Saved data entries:
###

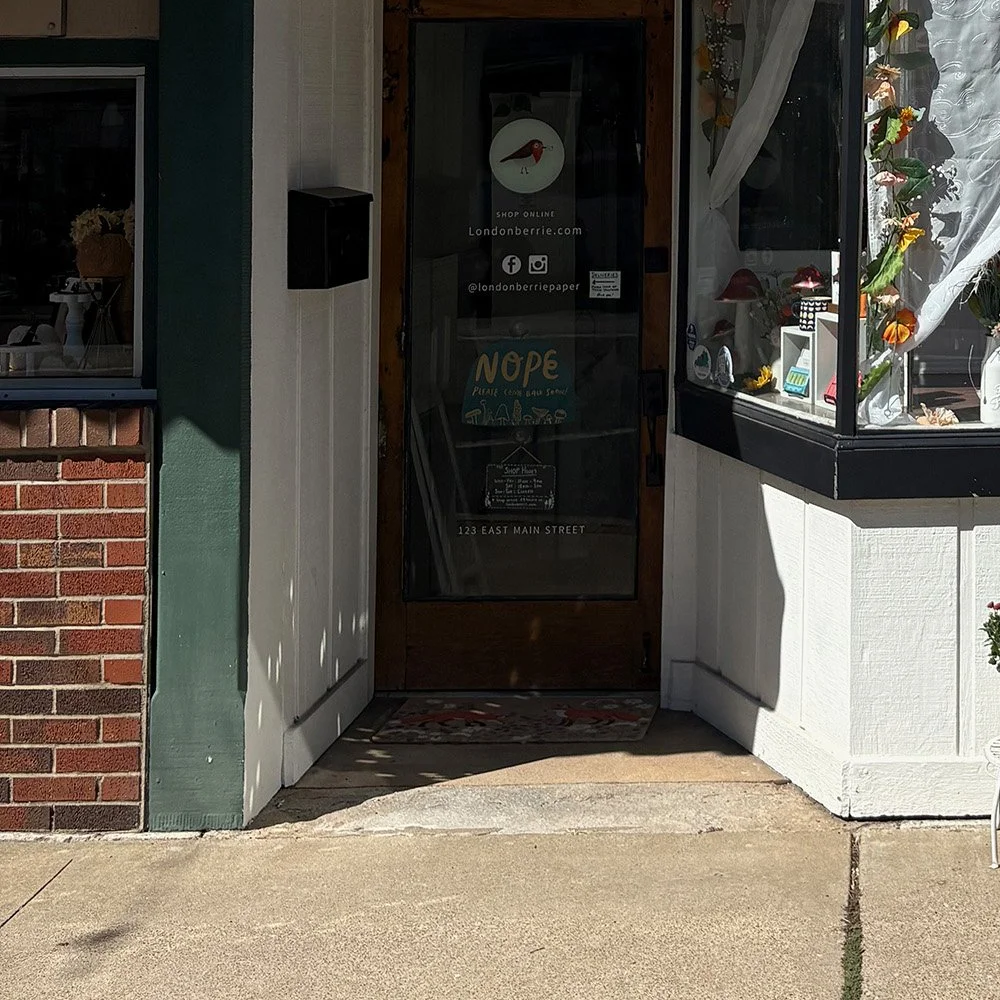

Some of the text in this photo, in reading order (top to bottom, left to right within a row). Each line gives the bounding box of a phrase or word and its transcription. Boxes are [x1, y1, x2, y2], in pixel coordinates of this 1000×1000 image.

[468, 226, 582, 236] Londonberrie.com
[468, 282, 580, 294] @londonberriepaper
[475, 349, 559, 388] NOPE
[458, 525, 586, 535] 123 EAST MAIN STREET

###

## ACTION ITEM
Verbatim output of every entry above is required, though pictures are to be left out.

## RESPONSE BELOW
Some of the text in this photo, in reading order (top to bottom, left to right within a row). Each line gives the bounding box of a phrase or word and its transcription. Boxes are [x1, y1, x2, y2], in pixel coordinates of this 1000×1000 image.

[468, 226, 582, 236] Londonberrie.com
[468, 282, 580, 294] @londonberriepaper
[475, 349, 559, 388] NOPE
[458, 525, 586, 535] 123 EAST MAIN STREET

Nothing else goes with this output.